### Your objective
Set down exactly the lines from the one containing "this 1535×2304 image." through the end of the records below, both included, and nothing else.

[Saved data entries]
__________

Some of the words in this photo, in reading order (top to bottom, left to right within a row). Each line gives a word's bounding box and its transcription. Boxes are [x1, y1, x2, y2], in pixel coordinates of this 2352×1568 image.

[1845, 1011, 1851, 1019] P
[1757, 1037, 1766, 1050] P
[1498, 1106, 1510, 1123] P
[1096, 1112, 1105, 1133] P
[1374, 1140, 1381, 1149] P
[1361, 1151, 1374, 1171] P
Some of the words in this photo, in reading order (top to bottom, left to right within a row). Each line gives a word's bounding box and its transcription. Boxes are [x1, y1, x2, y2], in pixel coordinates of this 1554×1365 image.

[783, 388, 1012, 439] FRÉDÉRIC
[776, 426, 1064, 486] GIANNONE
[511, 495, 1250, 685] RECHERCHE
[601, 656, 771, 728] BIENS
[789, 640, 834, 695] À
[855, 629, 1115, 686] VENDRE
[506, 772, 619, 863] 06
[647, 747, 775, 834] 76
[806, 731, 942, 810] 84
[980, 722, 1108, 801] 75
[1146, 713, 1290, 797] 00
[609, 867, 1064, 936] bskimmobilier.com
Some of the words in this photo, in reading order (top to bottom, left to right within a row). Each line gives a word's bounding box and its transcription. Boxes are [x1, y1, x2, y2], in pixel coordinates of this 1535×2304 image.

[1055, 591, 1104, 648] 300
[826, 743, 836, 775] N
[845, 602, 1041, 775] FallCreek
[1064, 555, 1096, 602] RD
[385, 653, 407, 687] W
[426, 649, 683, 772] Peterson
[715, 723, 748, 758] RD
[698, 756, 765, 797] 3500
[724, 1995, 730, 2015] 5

__________

### Response box
Some of the words in this photo, in reading order (top to bottom, left to right within a row). Each line gives a word's bounding box and its transcription. Boxes are [x1, y1, x2, y2], in pixel coordinates of this 1535×2304 image.

[1055, 591, 1104, 648] 300
[826, 743, 836, 775] N
[845, 602, 1041, 775] FallCreek
[1064, 555, 1096, 602] RD
[385, 653, 407, 687] W
[426, 649, 683, 772] Peterson
[715, 723, 748, 758] RD
[698, 756, 765, 797] 3500
[724, 1995, 730, 2015] 5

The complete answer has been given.